Seiko SSC947: El reloj que viajó de contrabando al espacio
En 1973, el astronauta William R. Pogue despegó rumbo al espacio a bordo del Skylab 4. Llevaba en la muñeca un reloj que no estaba en la lista oficial de la NASA: un Seiko 6139-6002. No era parte del equipo autorizado, ni había pasado por los rigurosos procesos de validación que exigía la agencia. Pero Pogue lo había usado durante su entrenamiento personal en tierra, y cuando no se le permitió practicar con el Omega Speedmaster —el reloj aprobado—, decidió llevar su Seiko como respaldo. Y lo usó. Lo usó antes que el Omega, incluso para cronometrar las primeras maniobras de la misión. Sin quererlo, la NASA terminó dependiendo de un reloj japonés que ni siquiera había aprobado. Así nació la leyenda del ‘Pogue’. Y con ella, una de las anécdotas más peculiares —y queridas— de la relojería espacial.

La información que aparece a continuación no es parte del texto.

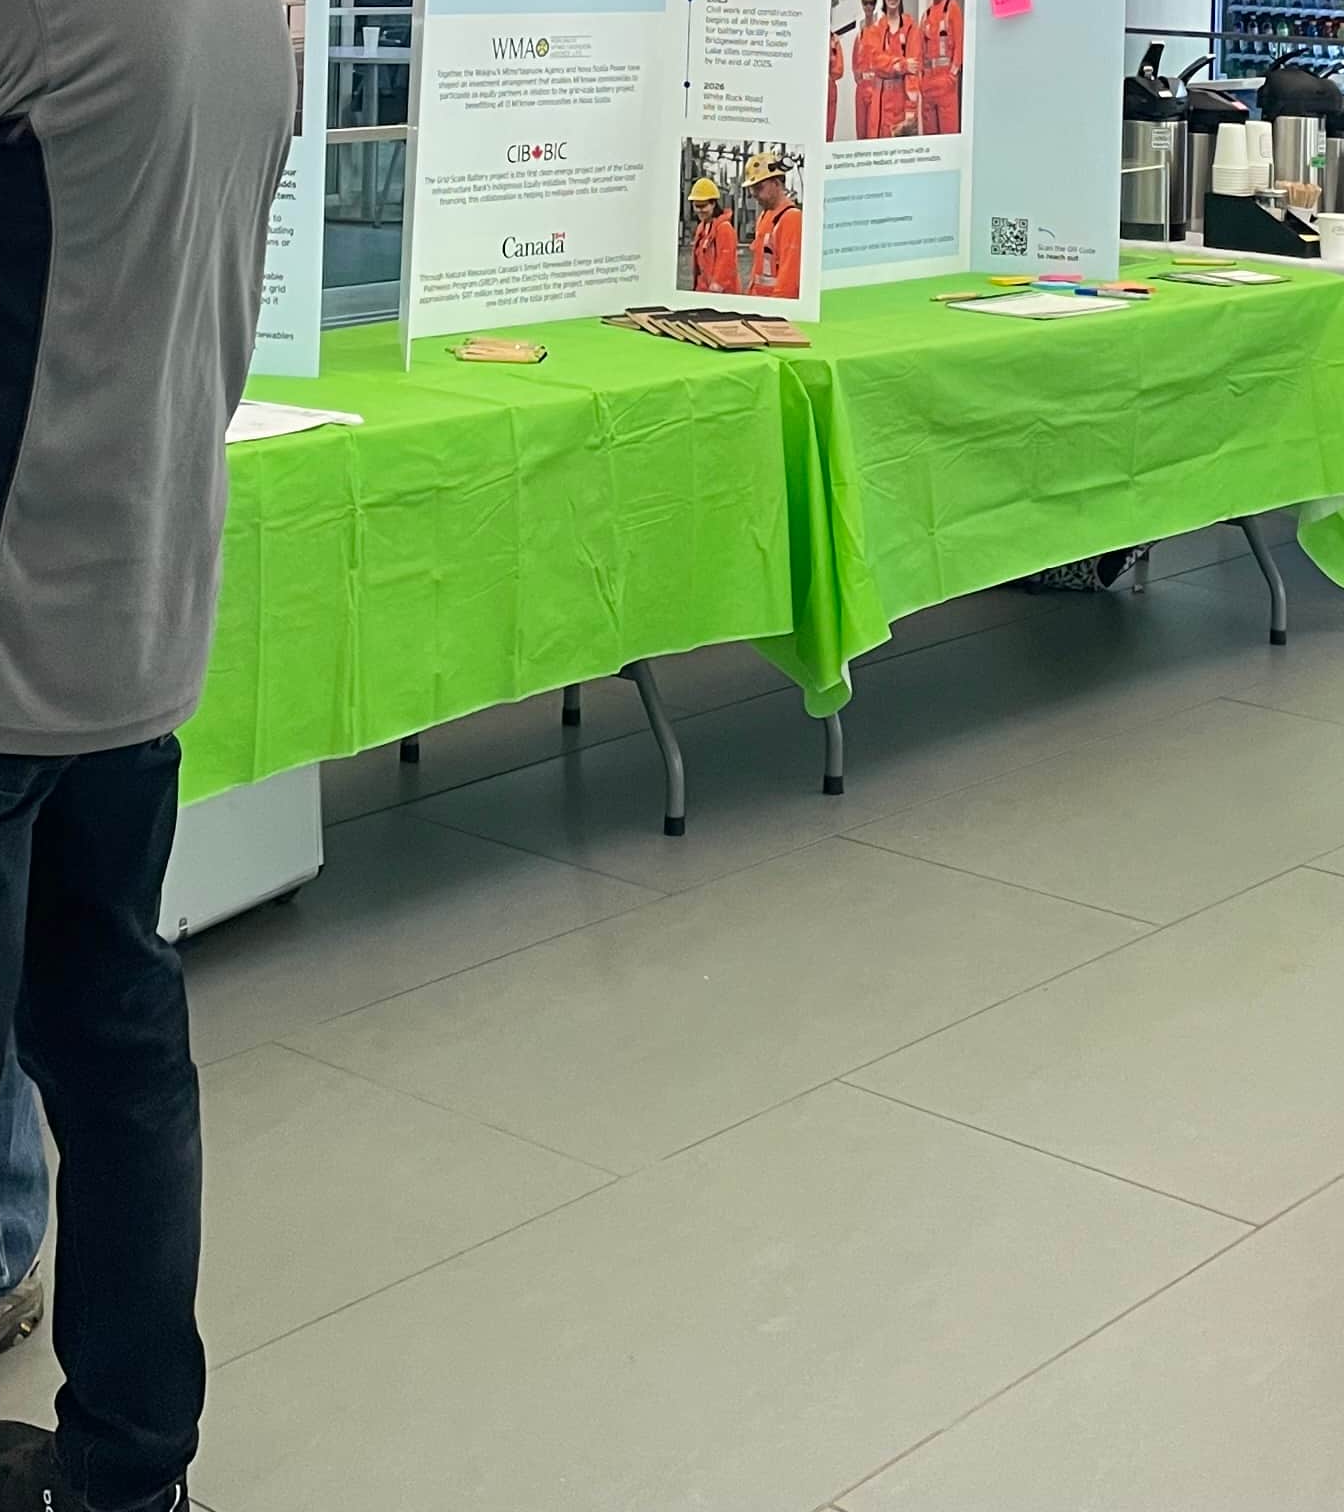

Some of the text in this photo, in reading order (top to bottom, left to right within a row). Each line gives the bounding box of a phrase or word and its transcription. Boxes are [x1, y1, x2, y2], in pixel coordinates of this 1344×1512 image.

[491, 37, 536, 60] WMA
[506, 141, 568, 163] CIB BIC
[502, 232, 565, 259] Canada

Cincuenta años después, Seiko recupera esa historia con una nueva interpretación: el Seiko SSC947. Este modelo no es una reedición literal, pero sí es, hasta ahora, la recreación más fiel que ha hecho la marca del icónico cronógrafo que llegó al espacio sin invitación. El Seiko SSC947 mezcla homenaje y modernidad, herencia y funcionalidad, diseño vibrante y tecnología solar.
Diseñado para los amantes de la aventura, el Seiko SSC947 tiene una carátula amarilla con efecto rayos de sol que remite directamente al original de 1973. A eso se suman subcarátulas en contraste y un bisel taquimétrico bicolor en aluminio rojo y azul —el clásico esquema ‘Pepsi’— que fue uno de los sellos visuales del primer Pogue. La caja, en acero inoxidable, es robusta pero refinada, y aloja un movimiento solar Calibre V192, alimentado por cualquier fuente de luz y con una impresionante reserva de marcha de hasta seis meses.

En términos de funciones, el Seiko SSC947 cumple con creces: mide hasta 60 minutos en incrementos de 1/5 de segundo, permite registrar tiempos intermedios, incluye un indicador de 24 horas, calendario de fecha y reserva de energía visible. Las manecillas e índices están recubiertos con LumiBrite, una sustancia luminosa propia de Seiko que asegura una visibilidad superior en condiciones de poca luz. Todo esto está protegido por un cristal de zafiro curvado con revestimiento antirreflejante, una mejora significativa frente al acrílico del modelo original.
El fondo de la caja es atornillado, lo que mejora la resistencia al agua hasta los 100 metros. Y el brazalete, también de acero, tiene forma cónica y un broche desplegable con triple cierre para mayor seguridad. Es un reloj funcional, preciso y resistente, ideal para acompañar a quienes viven en movimiento.

Pero más allá de la ficha técnica, el Seiko SSC947 cuenta otra cosa: una historia. Una historia donde un astronauta confió más en lo que conocía y en lo que había probado por sí mismo, que en lo que la institución le había asignado. Y una historia donde un objeto cotidiano —un reloj comprado en una tienda comercial— terminó acompañando una de las misiones más importantes de la NASA en la década de los 70.
Hoy, en un mundo donde casi todo está aprobado, auditado y homologado, el hecho de que el primer cronógrafo automático que viajó al espacio lo haya hecho de forma no oficial resulta tan subversivo como entrañable. Seiko no solo recupera esa anécdota, sino que la pone en manos de una nueva generación que busca algo más que tecnología: busca significado.
Disponible exclusivamente en el ecommerce oficial de Seiko México, el Seiko SSC947 llega en stock limitado. No es solo una herramienta de medición del tiempo: es un homenaje funcional a un momento olvidado de la exploración espacial. Una forma de decir que incluso en la era de la precisión extrema, todavía hay lugar para la intuición, el riesgo… y el diseño con alma japonesa.